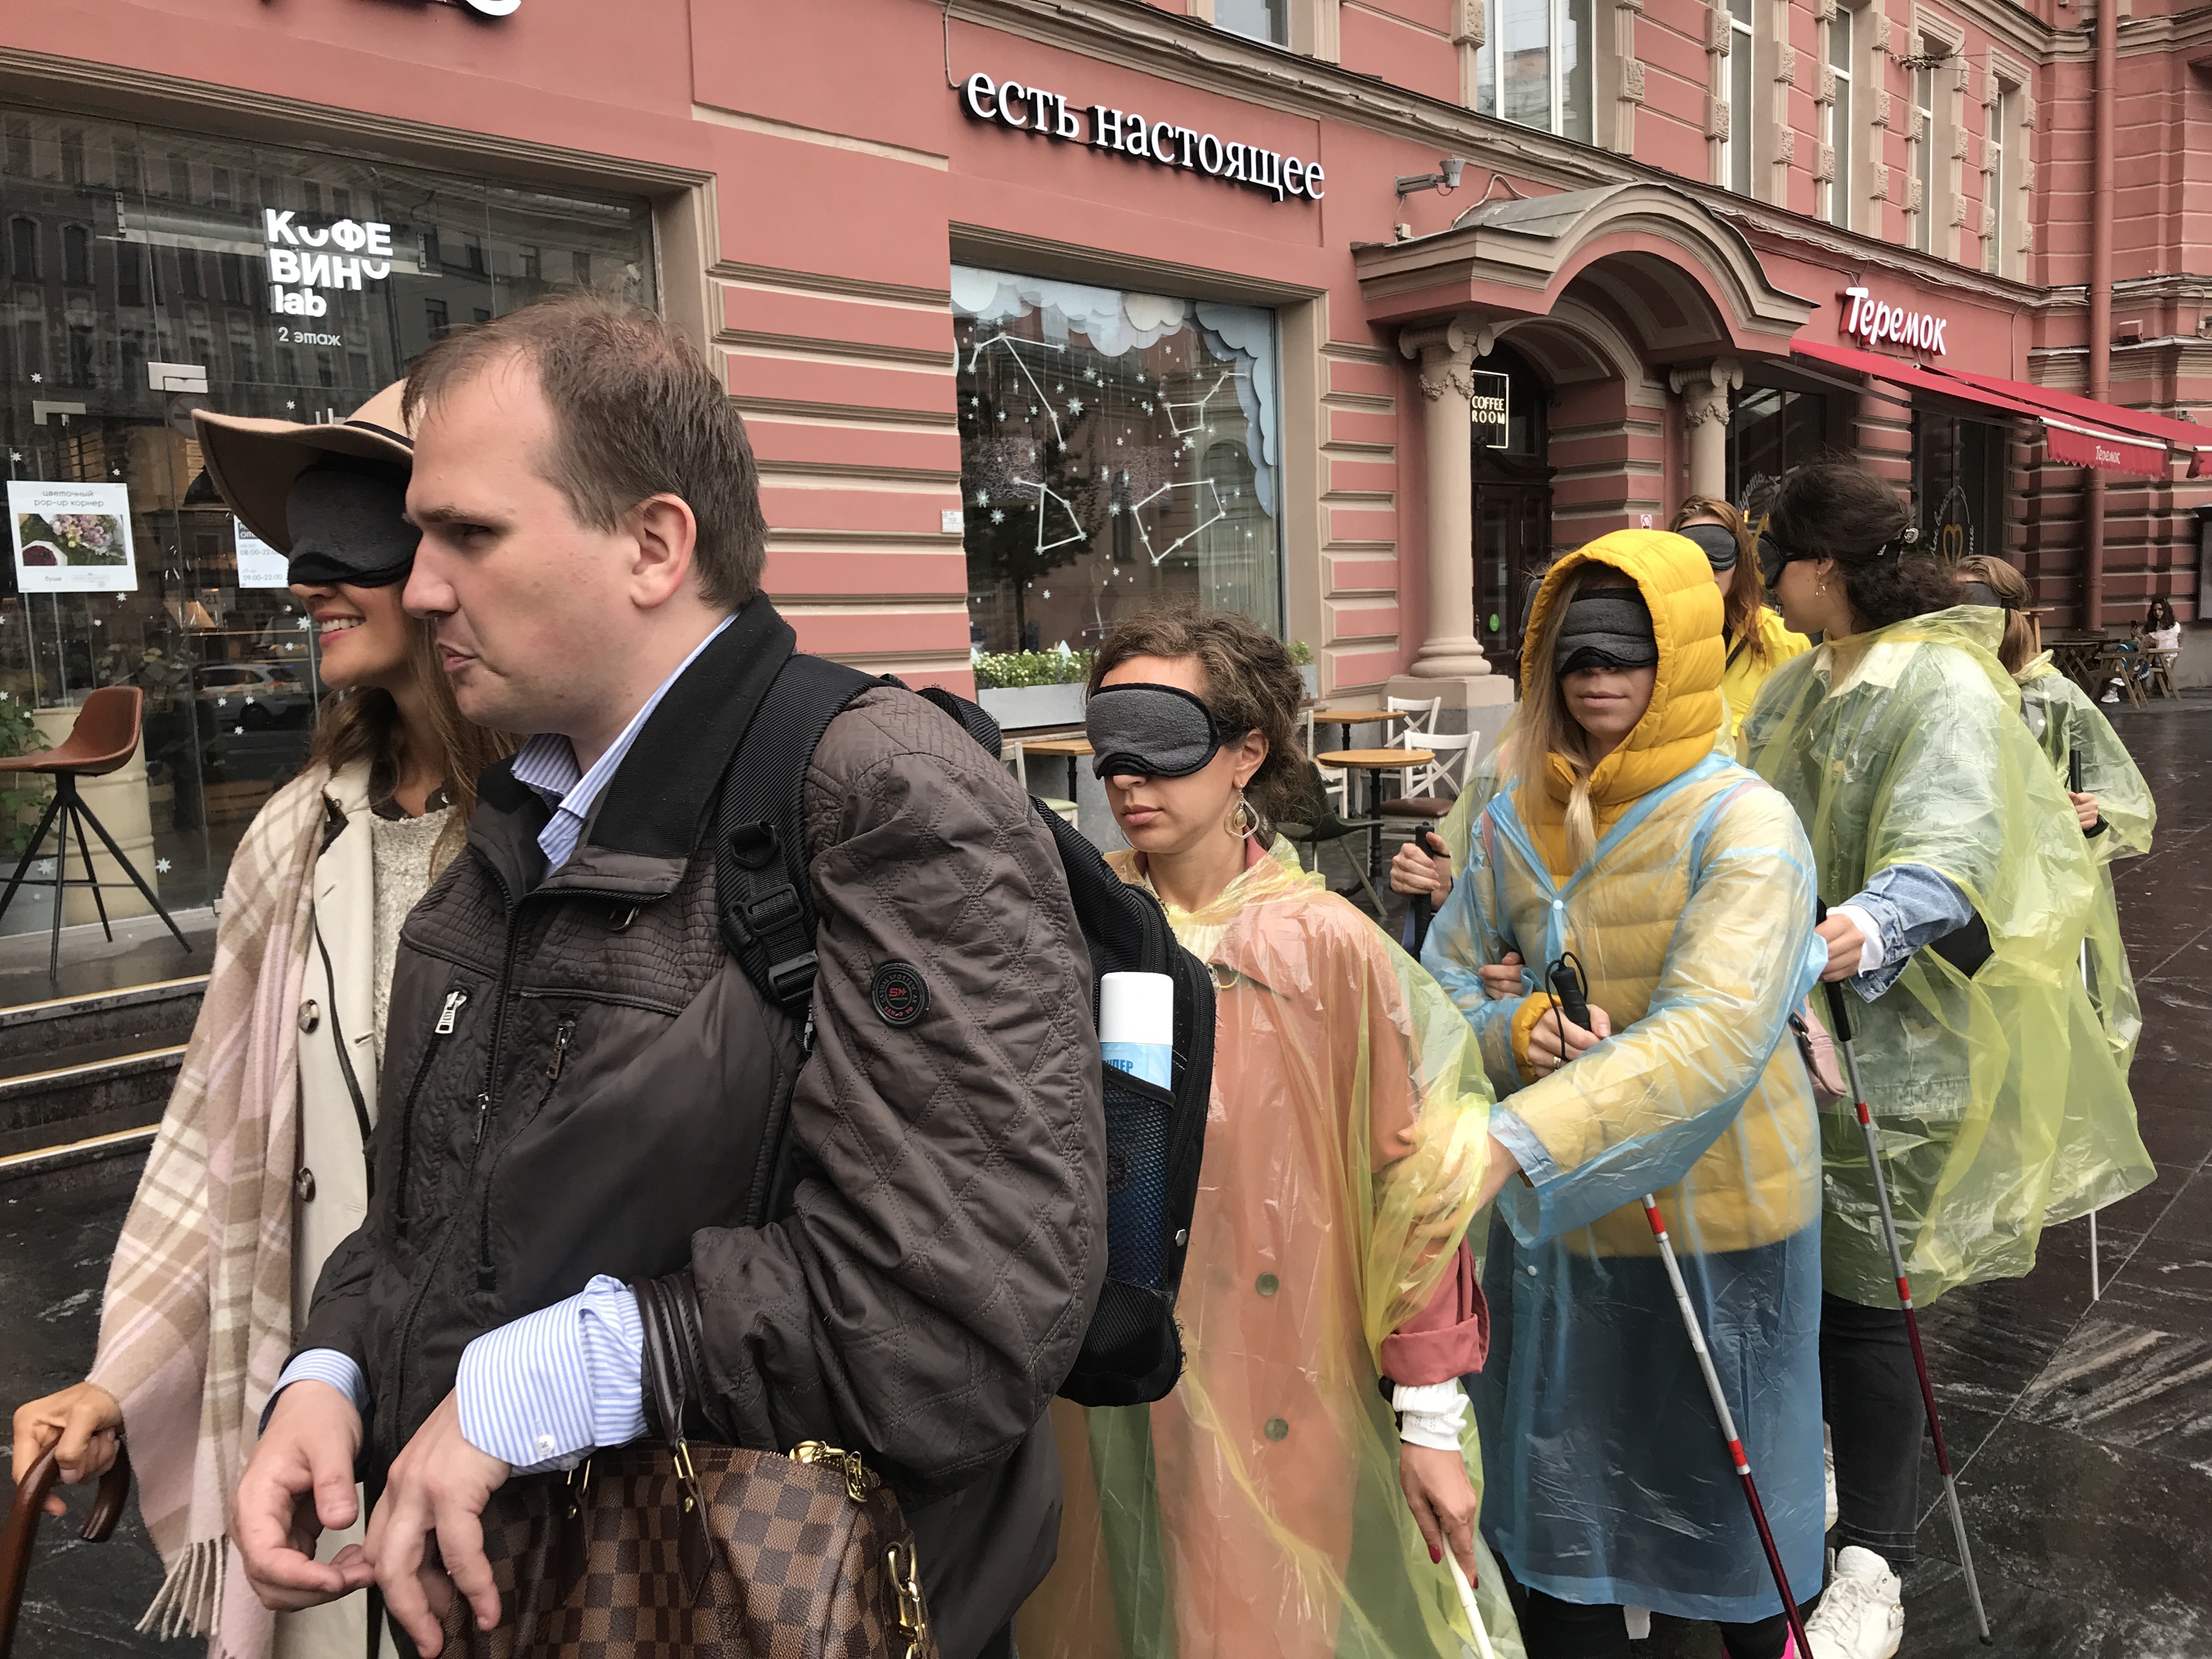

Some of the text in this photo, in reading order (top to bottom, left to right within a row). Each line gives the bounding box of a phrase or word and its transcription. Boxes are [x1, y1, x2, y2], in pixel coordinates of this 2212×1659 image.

[968, 72, 1325, 202] есть настоящее
[274, 284, 328, 318] lab
[1845, 286, 1947, 356] Теремок
[278, 326, 342, 347] 2 этаж
[1471, 396, 1505, 411] COFFEE
[1471, 410, 1505, 425] ROOM
[71, 500, 104, 508] корнер

◆ What to do
Produce the entries again, word for word, without any of their pictures.

◆ Response
Some of the text in this photo, in reading order (top to bottom, left to right within a row). Each line gives the bounding box of a phrase or word and its transcription. Boxes are [x1, y1, x2, y2], in pixel coordinates of this 2212×1659 image.

[968, 72, 1325, 202] есть настоящее
[274, 284, 328, 318] lab
[1845, 286, 1947, 356] Теремок
[278, 326, 342, 347] 2 этаж
[1471, 396, 1505, 411] COFFEE
[1471, 410, 1505, 425] ROOM
[71, 500, 104, 508] корнер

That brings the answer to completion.